• _Text-to-region grounding data_:
[Start of section]

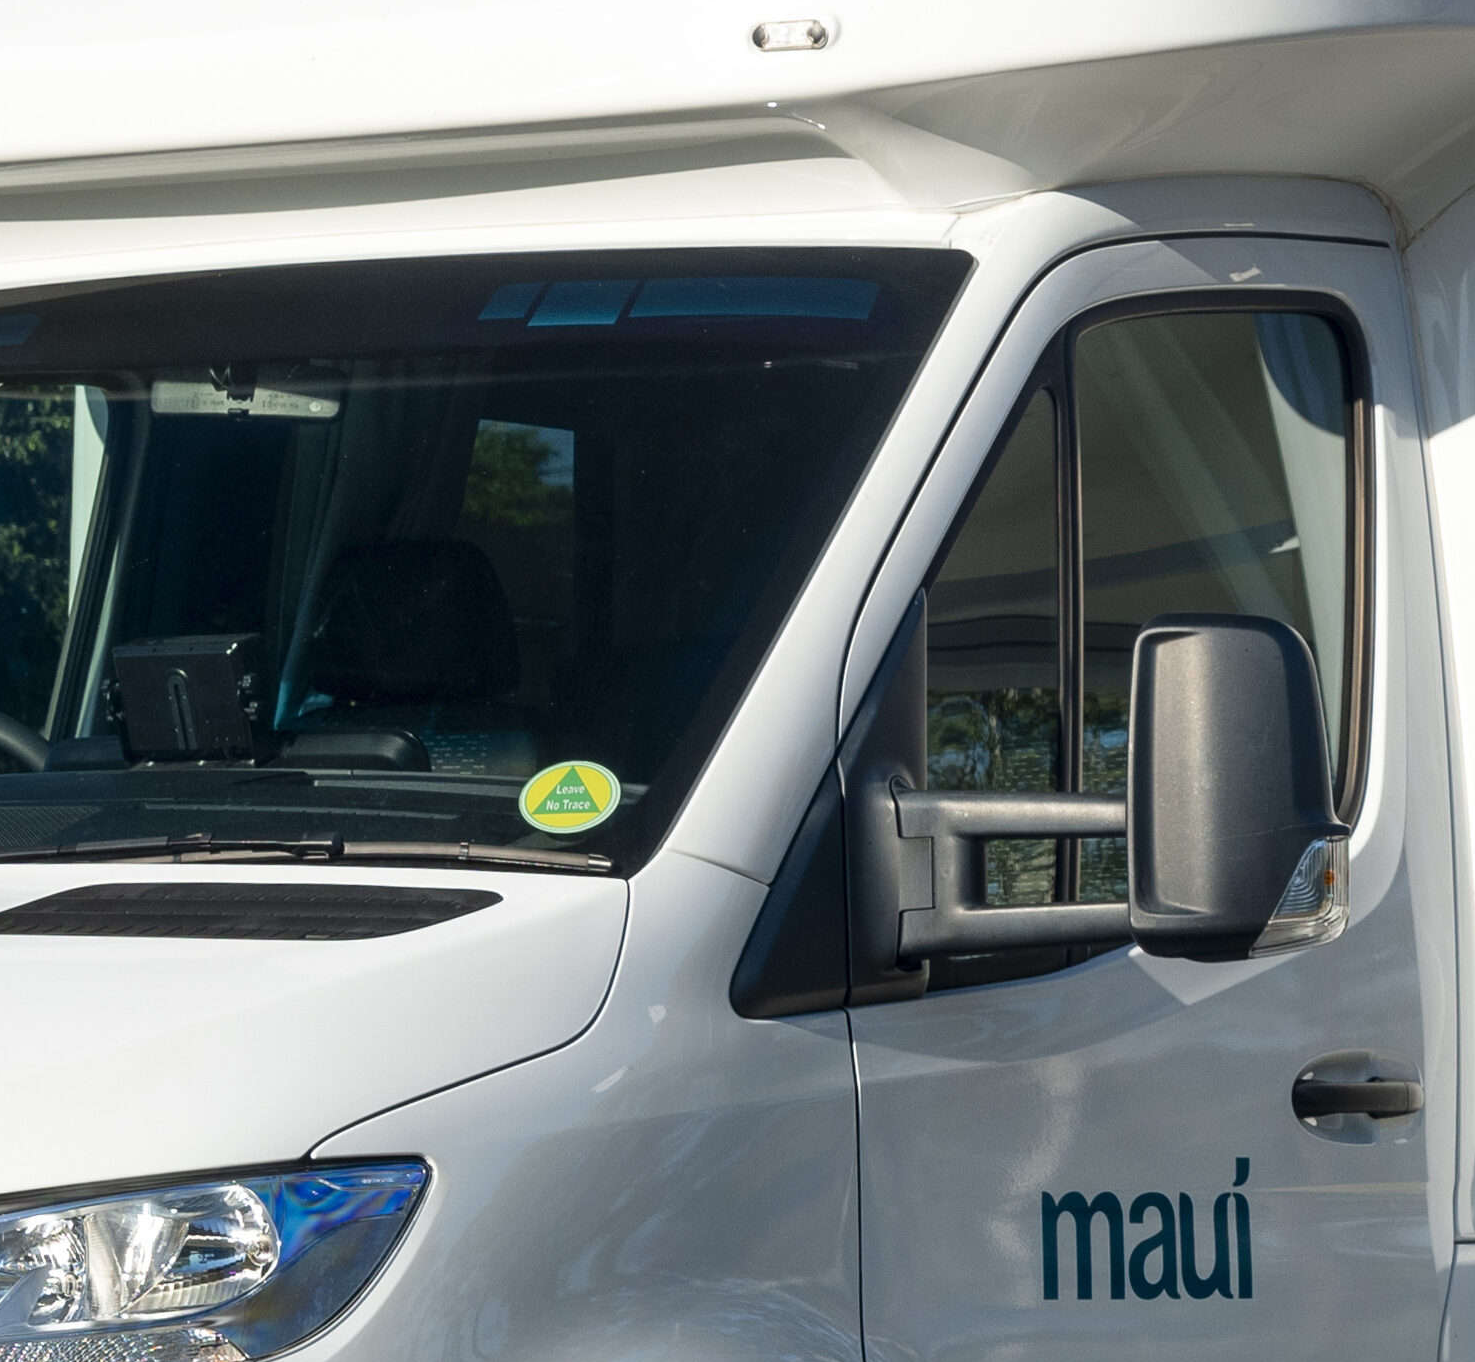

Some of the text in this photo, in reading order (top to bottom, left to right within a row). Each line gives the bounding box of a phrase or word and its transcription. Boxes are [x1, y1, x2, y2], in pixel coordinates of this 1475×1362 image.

[556, 784, 585, 796] Leave
[546, 798, 591, 811] No Trace
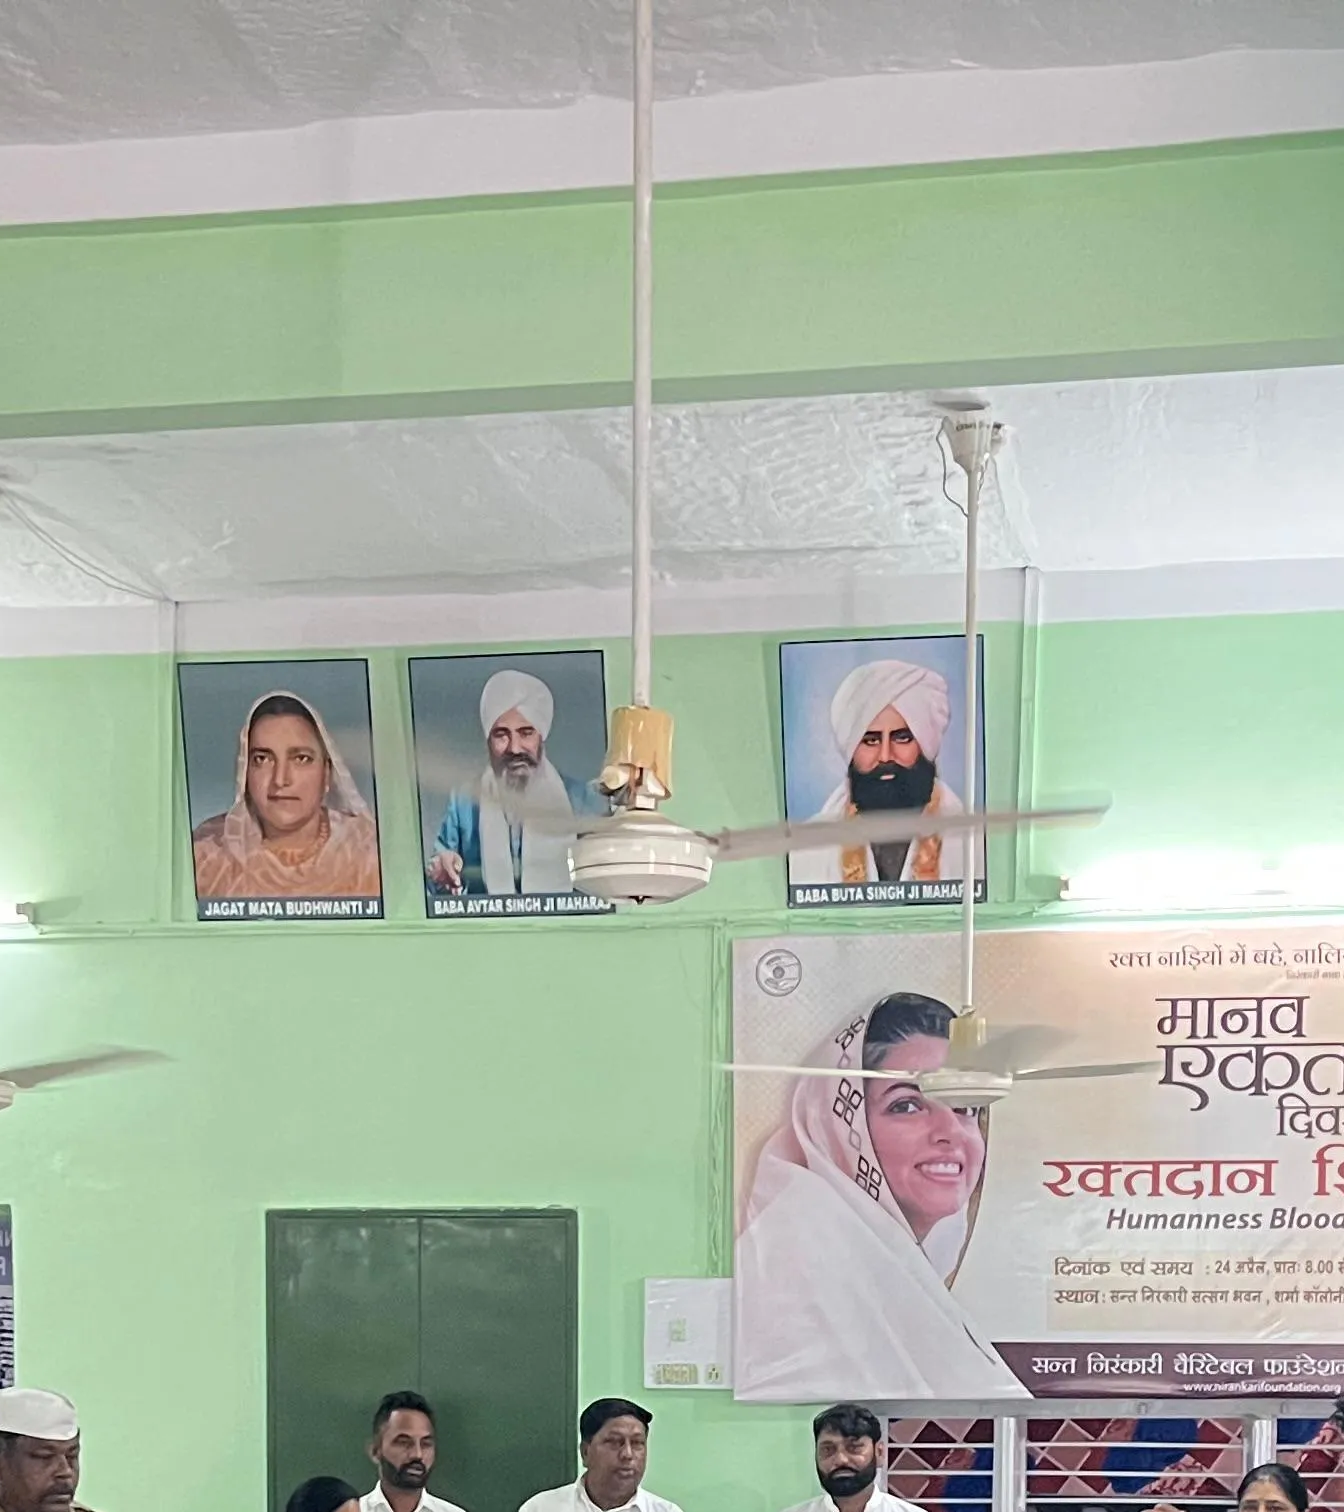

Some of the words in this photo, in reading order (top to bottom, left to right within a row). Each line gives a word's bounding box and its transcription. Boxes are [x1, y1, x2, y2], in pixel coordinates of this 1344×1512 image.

[796, 889, 828, 903] BABA
[831, 887, 864, 902] BUTA
[866, 886, 905, 900] SINGH
[908, 885, 920, 899] JI
[922, 883, 982, 898] MAHARJ
[205, 902, 245, 916] JAGAT
[249, 901, 283, 915] MATA
[286, 900, 363, 915] BUDHWANTI
[366, 900, 378, 915] JI
[434, 900, 464, 914] BABA
[467, 899, 503, 913] AVTAR
[506, 898, 541, 912] SINGH
[543, 897, 555, 912] JI
[1229, 942, 1246, 966] में
[1155, 996, 1310, 1040] मानव
[1042, 1160, 1279, 1200] रक्तदान
[1106, 1207, 1263, 1231] Humanness
[1055, 1256, 1111, 1276] दिनांक
[1121, 1258, 1145, 1276] एवं
[1150, 1261, 1193, 1276] समय
[1215, 1260, 1230, 1275] 24
[1306, 1259, 1334, 1275] 8.00
[1032, 1356, 1077, 1375] सन्त
[1087, 1352, 1163, 1375] निरंकारी
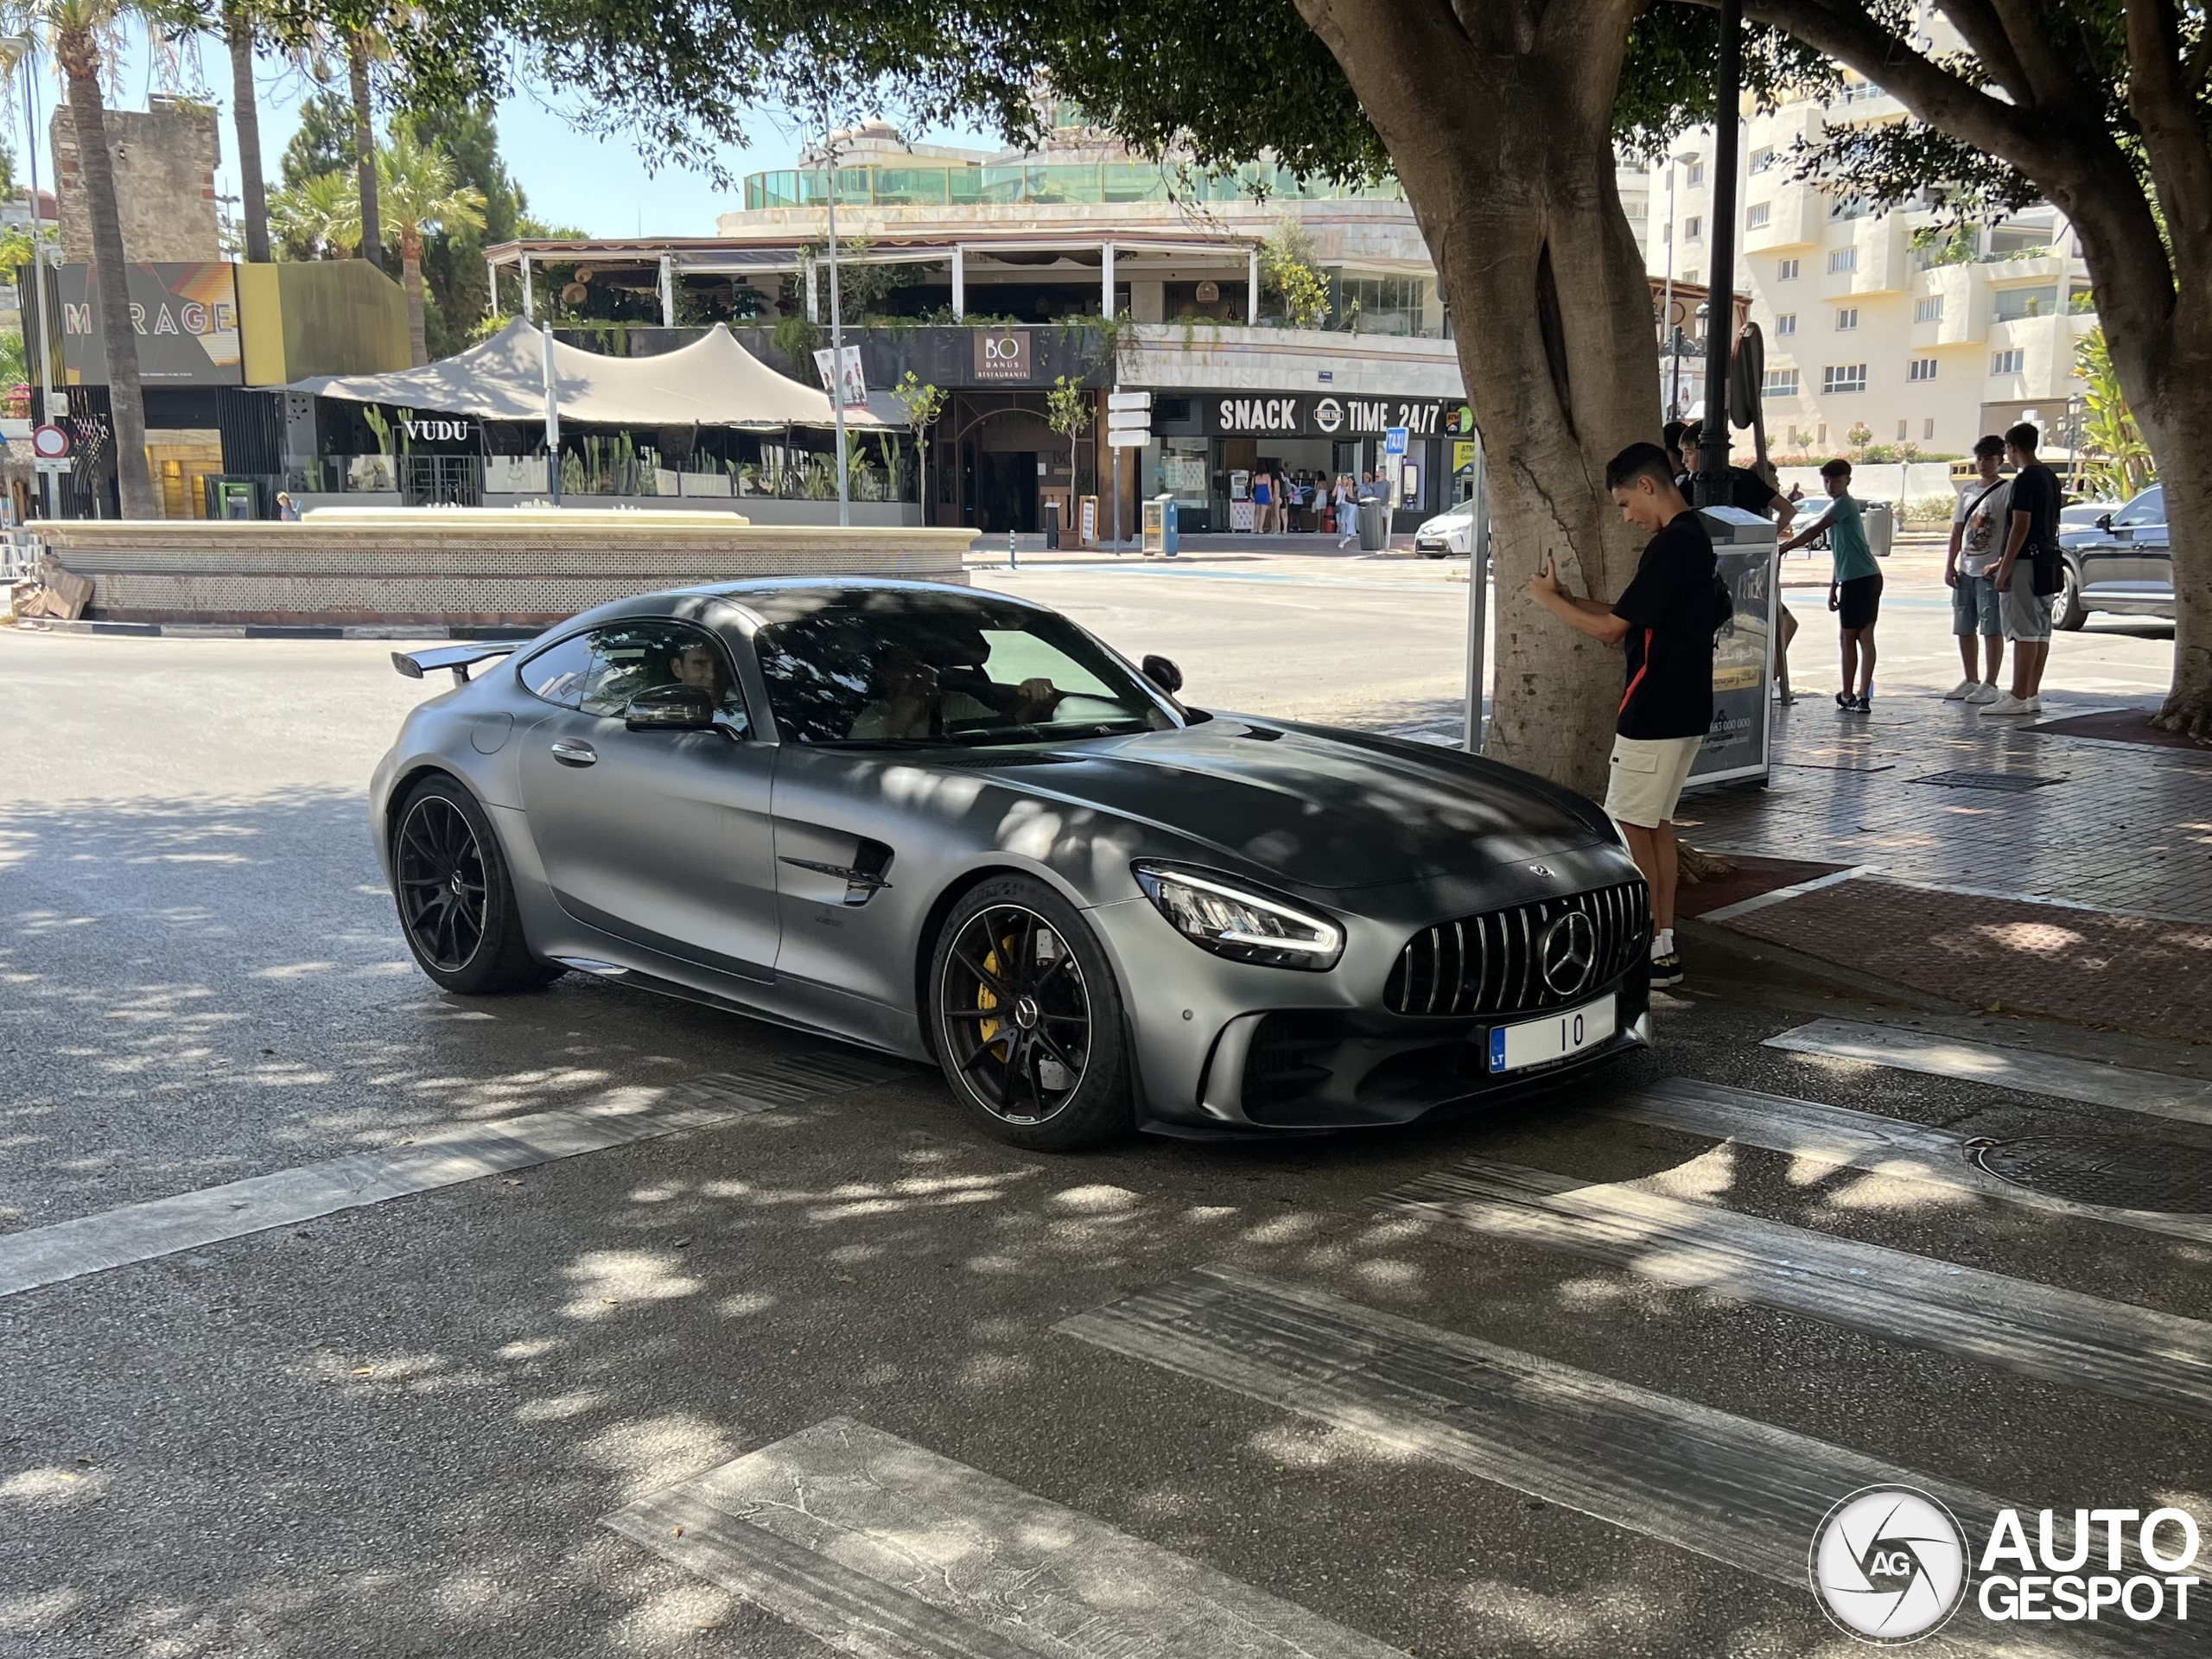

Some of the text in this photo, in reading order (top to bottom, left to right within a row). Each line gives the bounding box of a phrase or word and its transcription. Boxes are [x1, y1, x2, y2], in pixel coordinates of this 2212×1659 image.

[64, 302, 233, 335] MRAGE
[985, 338, 1019, 359] BO
[1220, 399, 1296, 430] SNACK
[1348, 401, 1389, 432] TIME
[1399, 404, 1440, 434] 24/7
[404, 420, 468, 441] VUDU
[1388, 433, 1405, 450] TAXI
[1723, 720, 1737, 731] 000
[1737, 717, 1751, 728] 000
[1491, 1054, 1504, 1065] LT

[End of section]

• _Goal of the exercise_:
Give back the records above exactly, with no pictures.

• _Exercise result_:
Some of the text in this photo, in reading order (top to bottom, left to right within a row). Each line gives the bounding box of a phrase or word and its transcription. Boxes are [x1, y1, x2, y2], in pixel coordinates of this 1475×1362 image.

[556, 784, 585, 796] Leave
[546, 798, 591, 811] No Trace

Some of the words in this photo, in reading order (top to bottom, left to right within a row). Each line gives a word's bounding box and its transcription. Boxes are [x1, y1, x2, y2], in pixel coordinates of this 1344×1512 image.

[796, 889, 828, 903] BABA
[831, 887, 864, 902] BUTA
[866, 886, 905, 900] SINGH
[908, 885, 920, 899] JI
[922, 883, 982, 898] MAHARJ
[205, 902, 245, 916] JAGAT
[249, 901, 283, 915] MATA
[286, 900, 363, 915] BUDHWANTI
[366, 900, 378, 915] JI
[434, 900, 464, 914] BABA
[467, 899, 503, 913] AVTAR
[506, 898, 541, 912] SINGH
[543, 897, 555, 912] JI
[1229, 942, 1246, 966] में
[1155, 996, 1310, 1040] मानव
[1042, 1160, 1279, 1200] रक्तदान
[1106, 1207, 1263, 1231] Humanness
[1055, 1256, 1111, 1276] दिनांक
[1121, 1258, 1145, 1276] एवं
[1150, 1261, 1193, 1276] समय
[1215, 1260, 1230, 1275] 24
[1306, 1259, 1334, 1275] 8.00
[1032, 1356, 1077, 1375] सन्त
[1087, 1352, 1163, 1375] निरंकारी

Some of the text in this photo, in reading order (top to bottom, left to right within a row). Each line gives the bounding box of a phrase or word and its transcription. Boxes are [x1, y1, x2, y2], in pixel coordinates of this 2212×1659 image.

[64, 302, 233, 335] MRAGE
[985, 338, 1019, 359] BO
[1220, 399, 1296, 430] SNACK
[1348, 401, 1389, 432] TIME
[1399, 404, 1440, 434] 24/7
[404, 420, 468, 441] VUDU
[1388, 433, 1405, 450] TAXI
[1723, 720, 1737, 731] 000
[1737, 717, 1751, 728] 000
[1491, 1054, 1504, 1065] LT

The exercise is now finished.